Federal Court Decisions

Decision Information

Decision Content


Date: 20231208


Docket: IMM-1022-23

Citation: 2023 FC 1661

Ottawa, Ontario, December 8, 2023

PRESENT: Madam Justice McDonald

BETWEEN:

SEYED AMIR ALI SEIF AND

SEYED SATAR SEIF

Applicants

and

MINISTER OF CITIZENSHIP AND IMMIGRATION

Respondent

JUDGMENT AND REASONS

[1] On this judicial review application the Applicants challenge a Visa Officer’s [Officer] decision refusing a study permit for Seyed Amir Ali Seif, the Principle Applicant, to attend middle school, and refusing a temporary resident visa for his father. Both are citizens of Iran.

[2] The Principle Applicant was accepted for enrollment in Grade 7 at Ottawa-Carleton District School Board. The Principle Applicant’s parents are sponsoring his education in Canada and provided financial details of their savings and investments in their application.

[3] In the decision of December 10, 2022, the Office states:

I have considered the following factors in my decision. 12 year old Minor applicant to study at Ottawa-Carleton District School Board – grade 7. The purpose of the visit itself does not appear to be reasonable, in view of the fact that similar programs are available closer to the applicant's place of residence. Motivation to pursue studies in Canada does not seem reasonable given that a comparative course is offered in their home country for a fraction of the cost. The purpose of visit does not appear reasonable given the applicant’s socio-economic situation and therefore I am not satisfied that the applicant would leave Canada at the end of the period of authorized stay. Weighing the factors in this application. I am not satisfied that the applicant will depart Canada at the end of the period authorized for their stay. For the reasons above, I have refused this application.

[4] Although the Applicants raise procedural fairness issues with this decision, I have determined that the unreasonableness of the decision is dispositive of this judicial review. I therefore decline to address the procedural fairness issues.

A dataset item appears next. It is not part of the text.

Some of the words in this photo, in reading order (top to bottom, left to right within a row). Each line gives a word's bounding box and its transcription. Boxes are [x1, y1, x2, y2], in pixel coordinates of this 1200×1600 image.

[5] The standard of review for the Officer’s decision is reasonableness (Canada (Minister of Citizenship and Immigration) v Vavilov, 2019 SCC 65). As stated by the Supreme Court of Canada, a reasonable decision is one that possesses the three hallmarks of reasonableness justification, transparency and intelligibility within the decision-making process (Vavilov at para 99). With respect to justification, it is not enough for an outcome to be justifiable. Instead, where reasons for a decision are required, the decision must also be justified, by those reasons, by the decision-maker to those whom the decision applies (Vavilov at para 86).

[6] Visa officers are not expected to produce exhaustive reasons considering the high volume decision-making context; however, the decision must still be based on an internally coherent and rational chain of analysis and be justified in relation to the facts and law that constrain the decision maker (Vavilov at para 85).

I. Analysis

A. Is the Officer’s decision reasonable?

[7] The Applicants argue that the decision is unreasonable as the Officer made a number of conclusions without any reference to how those conclusions were reached relative to the materials filed in support of their application.

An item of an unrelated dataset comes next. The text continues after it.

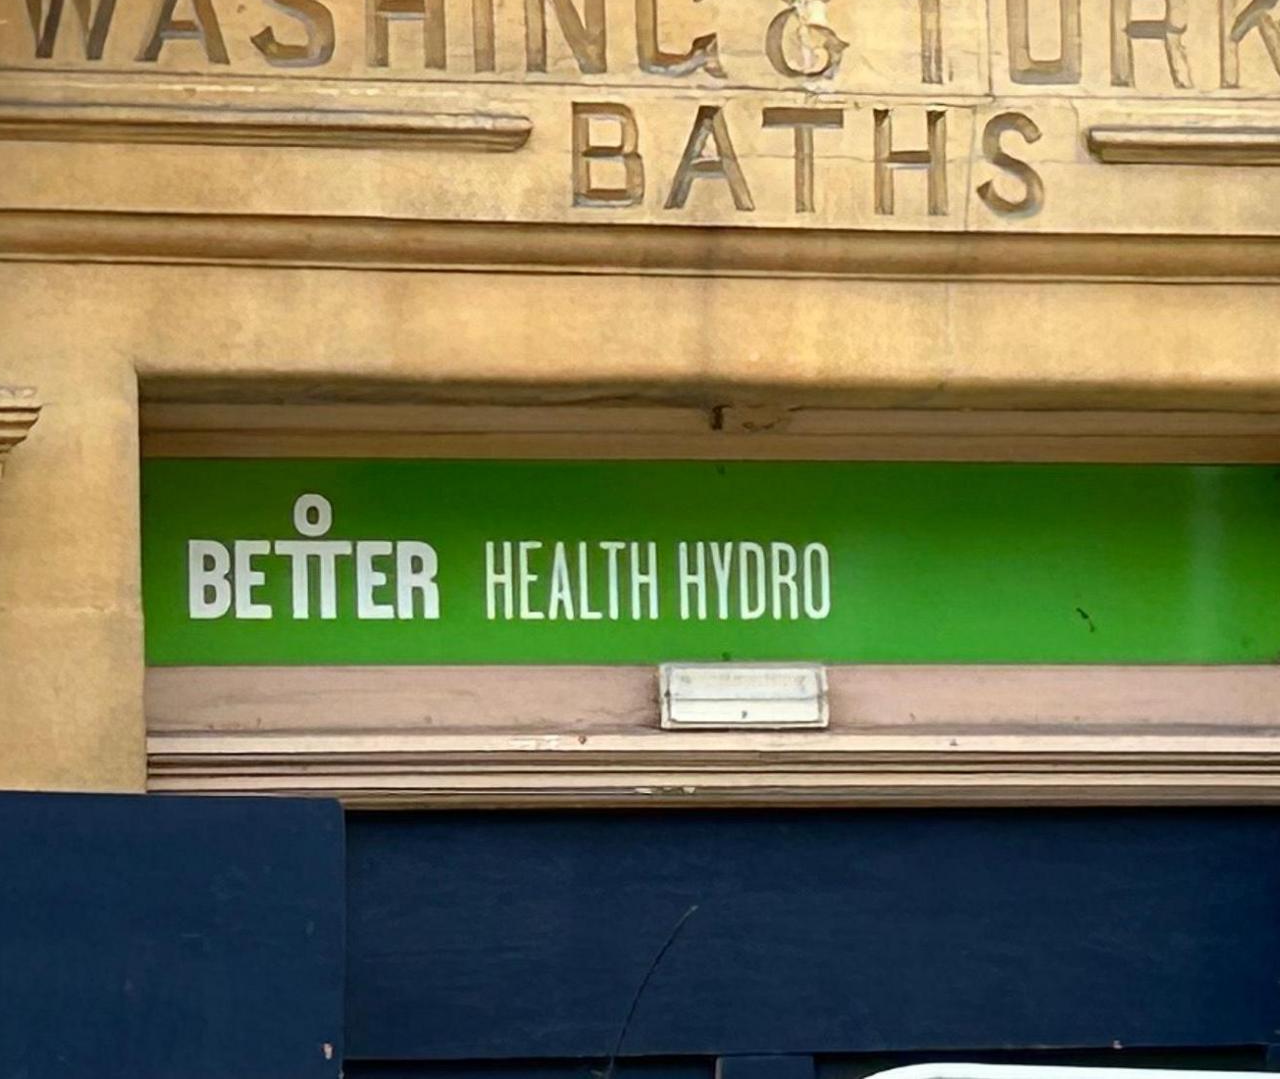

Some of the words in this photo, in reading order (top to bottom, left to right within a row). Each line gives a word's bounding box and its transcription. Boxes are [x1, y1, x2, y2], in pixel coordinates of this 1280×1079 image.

[571, 101, 1045, 218] BATHS
[188, 493, 440, 621] BETTER
[485, 540, 659, 621] HEALTH
[678, 540, 833, 621] HYDRO

[8] The Applicants challenge the reasonableness of the Officer’s finding that “the fact that similar programs are available closer to the applicant's place of residence” and a “comparative course is offered in their home country for a fraction of the cost.”

[9] The Officer provided no context or support for this conclusion. The evidence on the record was that the Principle Applicant has attended school in Iran, however, that fact alone does not support the Officer’s conclusion that school in Iran is a “comparative course” or that it was at a “fraction of the cost.” In my view, this summary conclusion without even a summary explanation by the Officer is insufficient to meet the requirements of a reasonable finding (Yuzer v Canada (Citizenship and Immigration), 2019 FC 781 at para 21 and Afuah v Canada (Citizenship and Immigration), 2021 FC 596 at para 15).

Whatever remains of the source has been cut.